Davis, of Blairsville, Georgia, said her mother gravitated toward e-cigarettes about a decade ago, as a way to quit traditional tobacco. She assumed they were healthier.

On Sept. 6, Mary Kerrie Davis, 52, died suddenly.

Davis' father called her with the crushing news.

"The first thing I said was, 'You have to get this investigated,'" Davis told NBC News.

"I'm never smoking again"

Davis, 21, said her mother usually smoked e-cigarettes with nicotine, but started using THC cartridges about a year ago.

Because THC is illegal in Georgia, Davis said her mother turned to the black market.
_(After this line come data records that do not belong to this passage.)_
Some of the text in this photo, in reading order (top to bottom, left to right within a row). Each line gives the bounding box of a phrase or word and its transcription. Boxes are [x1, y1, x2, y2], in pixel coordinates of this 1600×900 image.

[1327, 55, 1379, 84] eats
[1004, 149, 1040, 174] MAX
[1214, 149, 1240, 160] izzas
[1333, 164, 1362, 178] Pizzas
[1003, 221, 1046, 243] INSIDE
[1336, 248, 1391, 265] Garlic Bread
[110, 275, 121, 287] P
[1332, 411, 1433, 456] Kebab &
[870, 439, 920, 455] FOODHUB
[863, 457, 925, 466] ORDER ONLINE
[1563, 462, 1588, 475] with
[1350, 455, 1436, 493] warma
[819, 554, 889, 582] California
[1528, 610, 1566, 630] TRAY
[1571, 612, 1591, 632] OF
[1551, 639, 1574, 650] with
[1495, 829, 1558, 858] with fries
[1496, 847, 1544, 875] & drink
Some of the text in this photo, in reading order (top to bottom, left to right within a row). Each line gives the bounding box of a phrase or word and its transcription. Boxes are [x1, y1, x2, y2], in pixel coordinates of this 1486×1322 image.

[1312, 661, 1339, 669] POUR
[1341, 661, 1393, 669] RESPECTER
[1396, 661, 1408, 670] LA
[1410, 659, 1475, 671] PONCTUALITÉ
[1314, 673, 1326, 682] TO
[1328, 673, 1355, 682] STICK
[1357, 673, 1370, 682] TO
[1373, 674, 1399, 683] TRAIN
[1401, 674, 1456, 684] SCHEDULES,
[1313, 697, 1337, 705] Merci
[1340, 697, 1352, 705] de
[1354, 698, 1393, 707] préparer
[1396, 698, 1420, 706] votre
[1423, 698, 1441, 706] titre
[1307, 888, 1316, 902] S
This past July, Mary Kerrie traveled from her Georgia home to California and vaped legal marijuana, according to Davis.

When Mary Kerrie returned home, she developed a ragged cough, and was initially diagnosed with pneumonia.

Davis wrote about her mother's illness, death and the ensuing investigation in a poignant essay published by her college's newspaper, the Pepperdine University Graphic.
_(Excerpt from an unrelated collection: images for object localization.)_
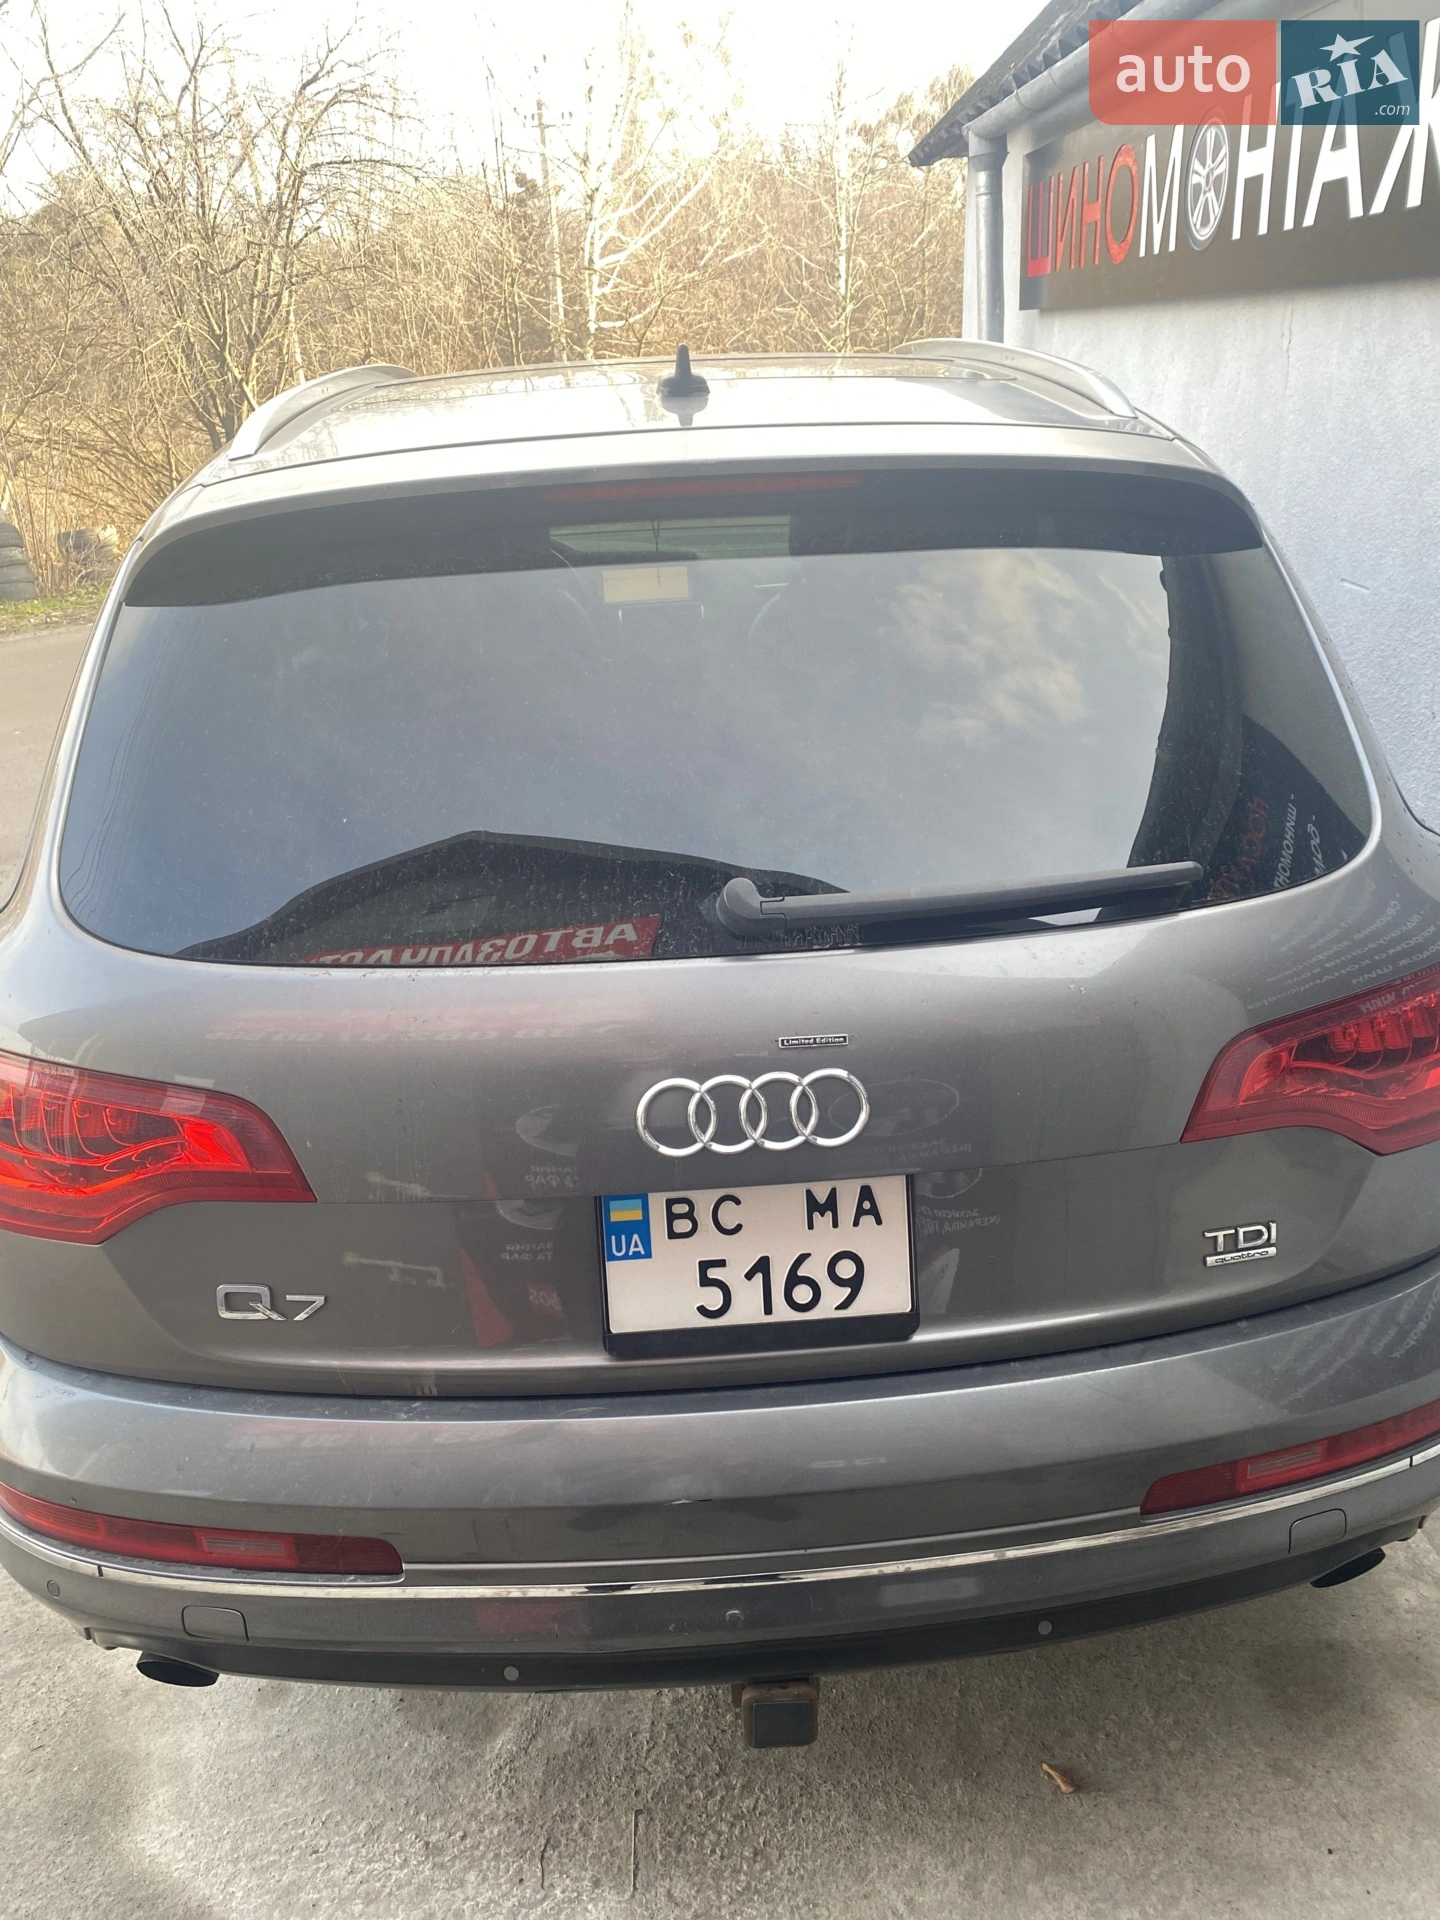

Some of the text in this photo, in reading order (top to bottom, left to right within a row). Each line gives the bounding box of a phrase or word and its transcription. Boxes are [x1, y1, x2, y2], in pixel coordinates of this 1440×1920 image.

[783, 1036, 845, 1046] Limited Edition
[610, 1234, 646, 1257] UA
[1204, 1221, 1277, 1253] TDI
[1214, 1250, 1270, 1264] quattro
[695, 1249, 865, 1320] 5169
[215, 1283, 326, 1321] Q7
"My mother groaned between coughs, 'I'm never smoking again; I'm throwing out all of my e-cigarettes and weed pens,'" she wrote.

"My father, a doctor who is all too familiar with the dangers of vaping, responded to her declaration of quitting by saying, 'Good, Mary. There are some things that are precious, like your vision and your breath, and you just can’t hurt those things.'"

"'Breath is precious,' my mom repeated."

Davis said she texted her mom, telling her she hoped it wasn't the "vaping disease" that was going around. At that time, news of the mysterious illnesses had started to circulate nationwide.

Two days later, Mary Kerrie was dead.

"It was devastating," Davis said. "Over and over again, all I could say was, 'why MY mom?'"

It's torn my family apart. It took my mom away from me.

Despite an ongoing national investigation of vaping-related illnesses and deaths, Davis told NBC News that it was difficult at first to convince health officials to look for a link between Mary Kerrie's vaping history and her death.

An autopsy and other tests have since been completed, with results pending.

The Georgia Department of Health has reported one death from vaping-related lung illness, but it's believed to be of a different person.

Davis is convinced vaping is to blame for her mother's death.

"It's torn my family apart," she said. "It took my mom away from me."

Maggie Davis, seen here as a baby, says vaping is to blame for her mother's death at age 52.
Maggie Davis, seen here as a baby, says vaping is to blame for her mother's death at age 52.Courtesy Maggie Davis

She said writing the essay for her college paper has been therapeutic in the weeks since her mother's death.

"My mother had declared she was done with vaping, yet her decision came too late," Davis wrote. "She will never see her youngest daughter graduate high school, nor her oldest graduate college. She will never see her daughters married or meet her grandchildren."

"Her absence, a sudden and jarring hole in my family, will be felt for decades to come."